BEGIN

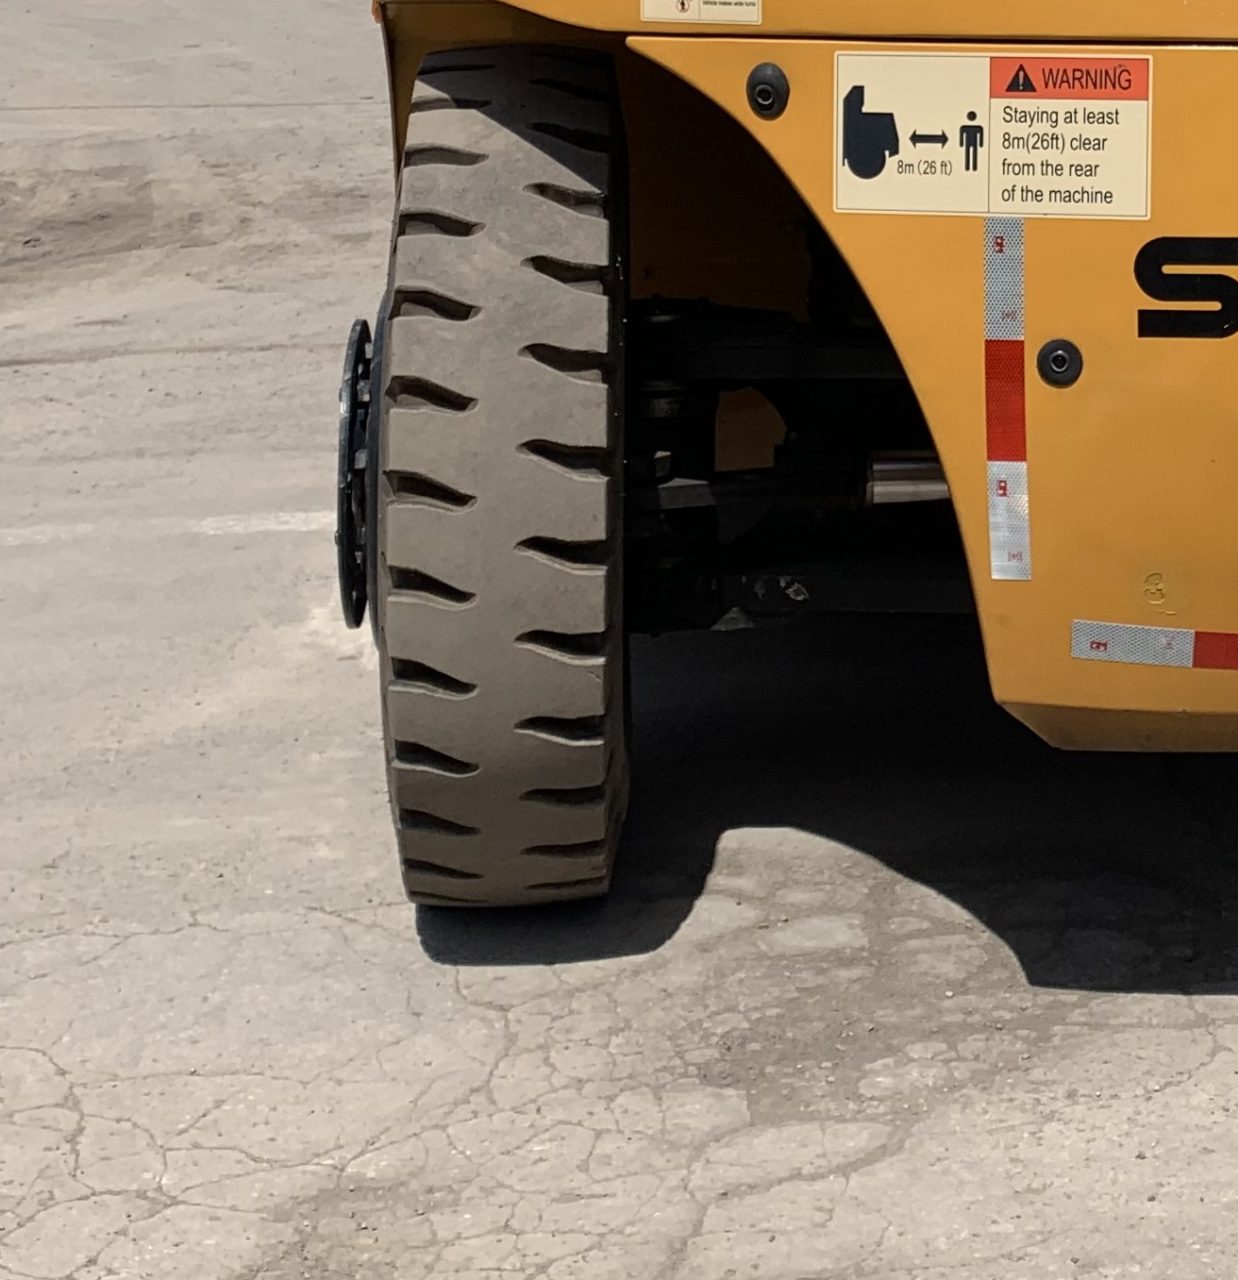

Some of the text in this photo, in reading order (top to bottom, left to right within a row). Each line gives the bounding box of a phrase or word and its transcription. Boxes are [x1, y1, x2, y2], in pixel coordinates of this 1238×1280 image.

[1042, 67, 1133, 91] WARNING
[1002, 106, 1120, 128] Staying at least
[1002, 132, 1107, 153] 8m(26ft) clear
[897, 160, 953, 176] 8m (26 ft)
[1001, 158, 1099, 177] from the rear
[1001, 185, 1113, 204] of the machine
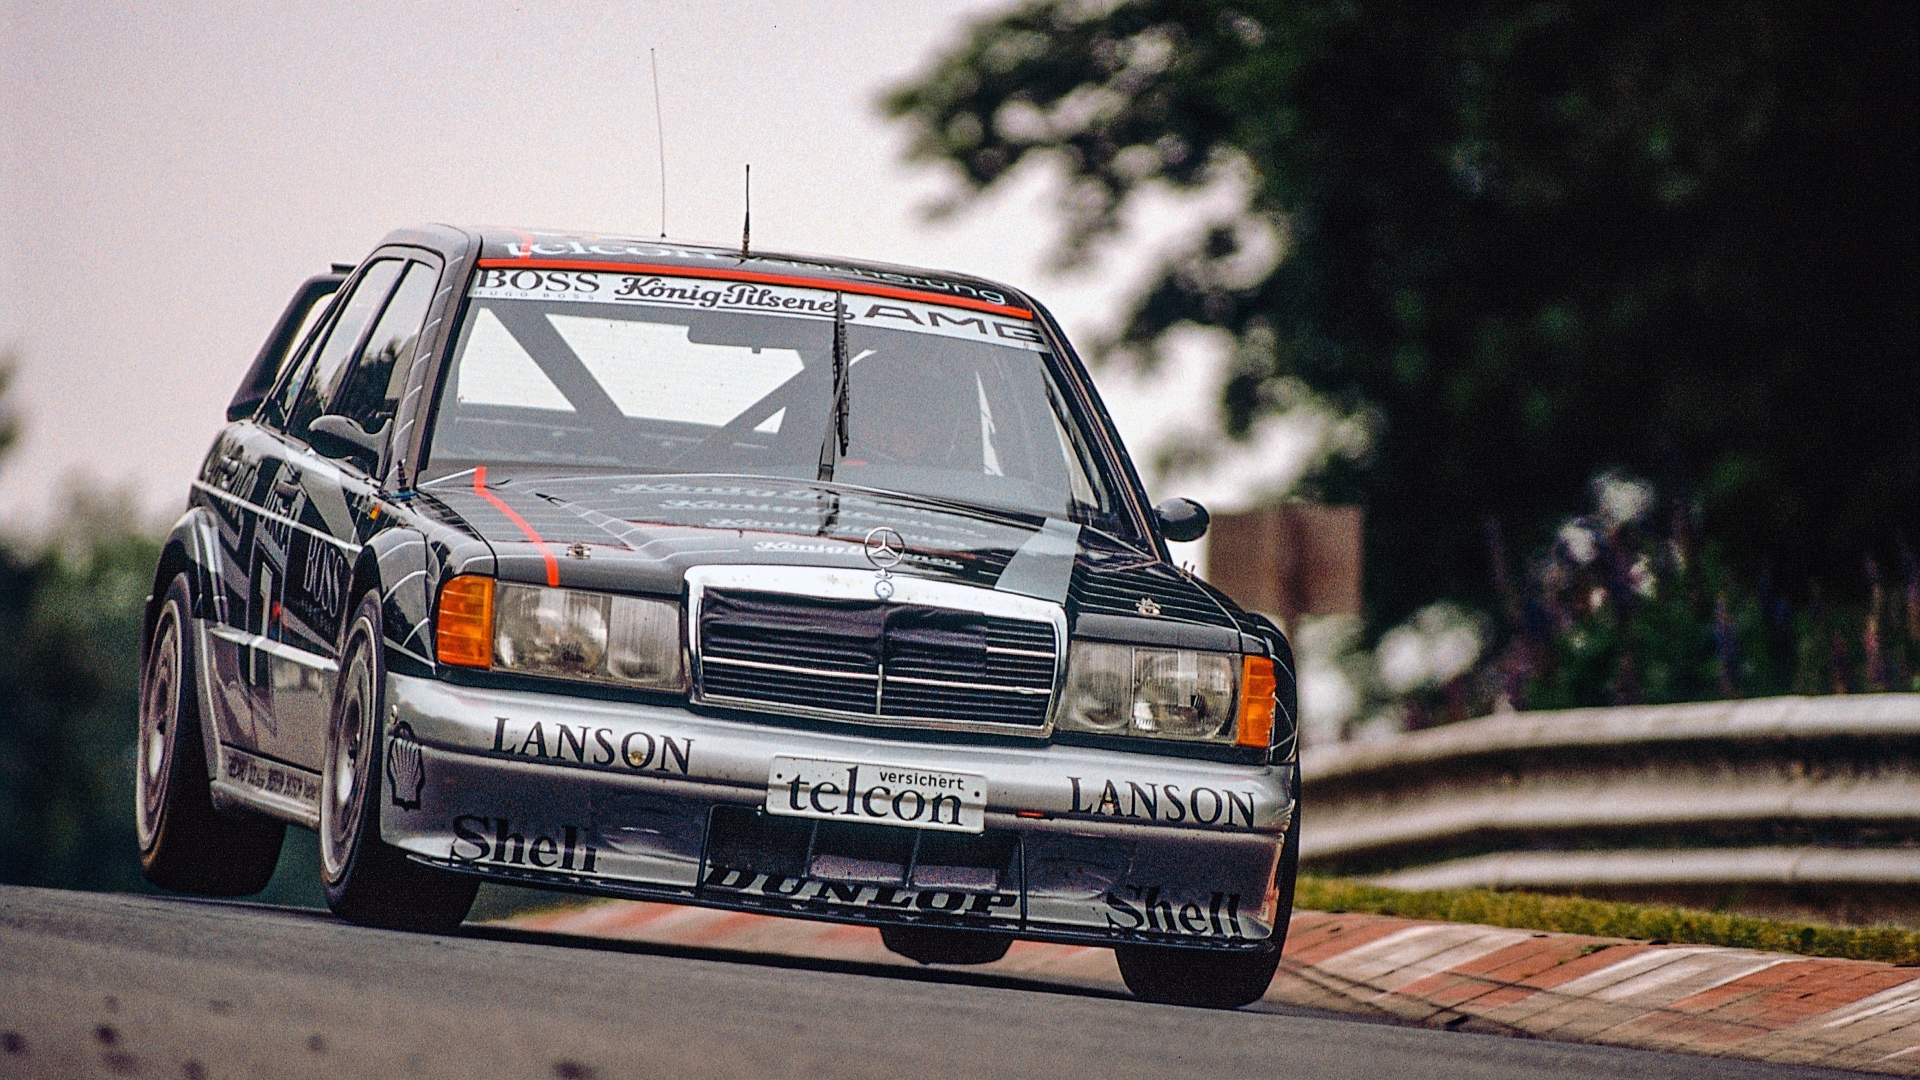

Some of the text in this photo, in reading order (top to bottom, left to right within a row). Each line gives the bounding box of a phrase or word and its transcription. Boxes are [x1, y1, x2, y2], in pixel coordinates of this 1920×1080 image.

[477, 269, 600, 293] BOSS
[864, 303, 1046, 345] AMG
[303, 534, 344, 618] BOSS
[489, 716, 695, 775] LANSON
[787, 765, 963, 827] telcon
[879, 770, 965, 791] versichert
[1067, 776, 1254, 829] LANSON
[451, 813, 598, 874] Shell
[703, 863, 1020, 915] DUNLOP
[1105, 884, 1243, 936] Shell

END

- What the task asks -
If a picture appears in the records, omit it and print everything else exactly.

- Your response -
Some of the text in this photo, in reading order (top to bottom, left to right within a row). Each line gives the bounding box of a phrase or word and its transcription. Boxes are [x1, y1, x2, y2], in pixel coordinates of this 1238×1280 image.

[1042, 67, 1133, 91] WARNING
[1002, 106, 1120, 128] Staying at least
[1002, 132, 1107, 153] 8m(26ft) clear
[897, 160, 953, 176] 8m (26 ft)
[1001, 158, 1099, 177] from the rear
[1001, 185, 1113, 204] of the machine

Some of the text in this photo, in reading order (top to bottom, left to right within a row). Each line gives the bounding box of a phrase or word and its transcription. Boxes are [x1, y1, x2, y2], in pixel coordinates of this 1920×1080 image.

[477, 269, 600, 293] BOSS
[864, 303, 1046, 345] AMG
[303, 534, 344, 618] BOSS
[489, 716, 695, 775] LANSON
[787, 765, 963, 827] telcon
[879, 770, 965, 791] versichert
[1067, 776, 1254, 829] LANSON
[451, 813, 598, 874] Shell
[703, 863, 1020, 915] DUNLOP
[1105, 884, 1243, 936] Shell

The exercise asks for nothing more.